● **DIRECTIONS FOR THIS TASK**: Please copy the records below word for word, leaving out the pictures.
== Segment start ==
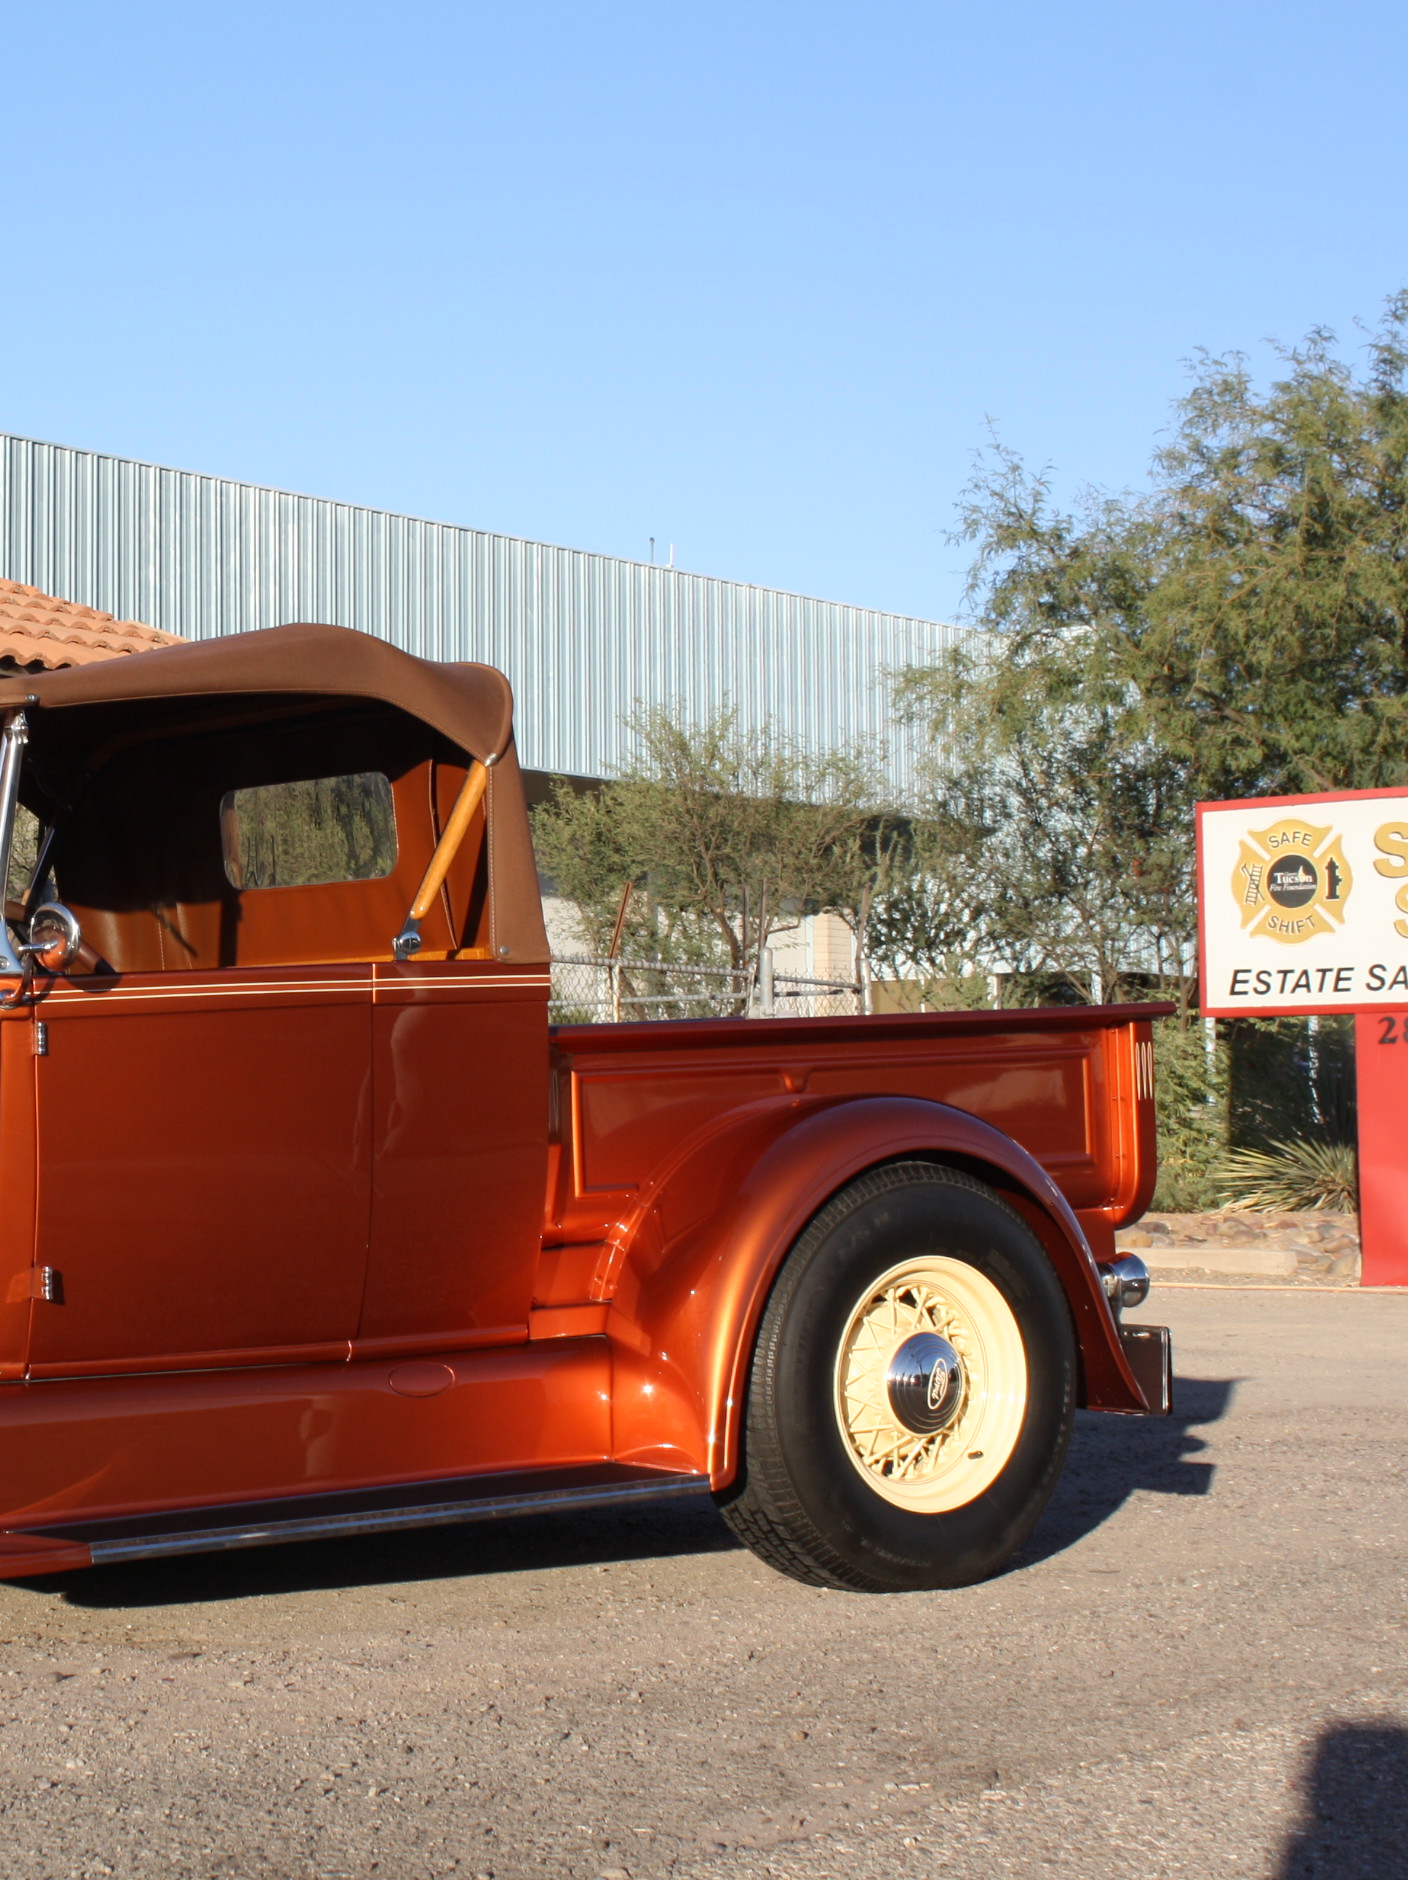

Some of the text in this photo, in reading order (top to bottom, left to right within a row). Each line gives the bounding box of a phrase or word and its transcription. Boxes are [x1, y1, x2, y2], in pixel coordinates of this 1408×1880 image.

[1268, 831, 1313, 848] SAFE
[1273, 871, 1314, 884] Tucson
[1268, 915, 1315, 934] SHIFT
[1229, 963, 1408, 996] ESTATE SA
[1377, 1015, 1408, 1045] 2
[932, 1367, 946, 1400] Ford
== Segment end ==
● **TASK OUTPUT**:
Some of the text in this photo, in reading order (top to bottom, left to right within a row). Each line gives the bounding box of a phrase or word and its transcription. Boxes are [x1, y1, x2, y2], in pixel coordinates of this 1408×1880 image.

[1268, 831, 1313, 848] SAFE
[1273, 871, 1314, 884] Tucson
[1268, 915, 1315, 934] SHIFT
[1229, 963, 1408, 996] ESTATE SA
[1377, 1015, 1408, 1045] 2
[932, 1367, 946, 1400] Ford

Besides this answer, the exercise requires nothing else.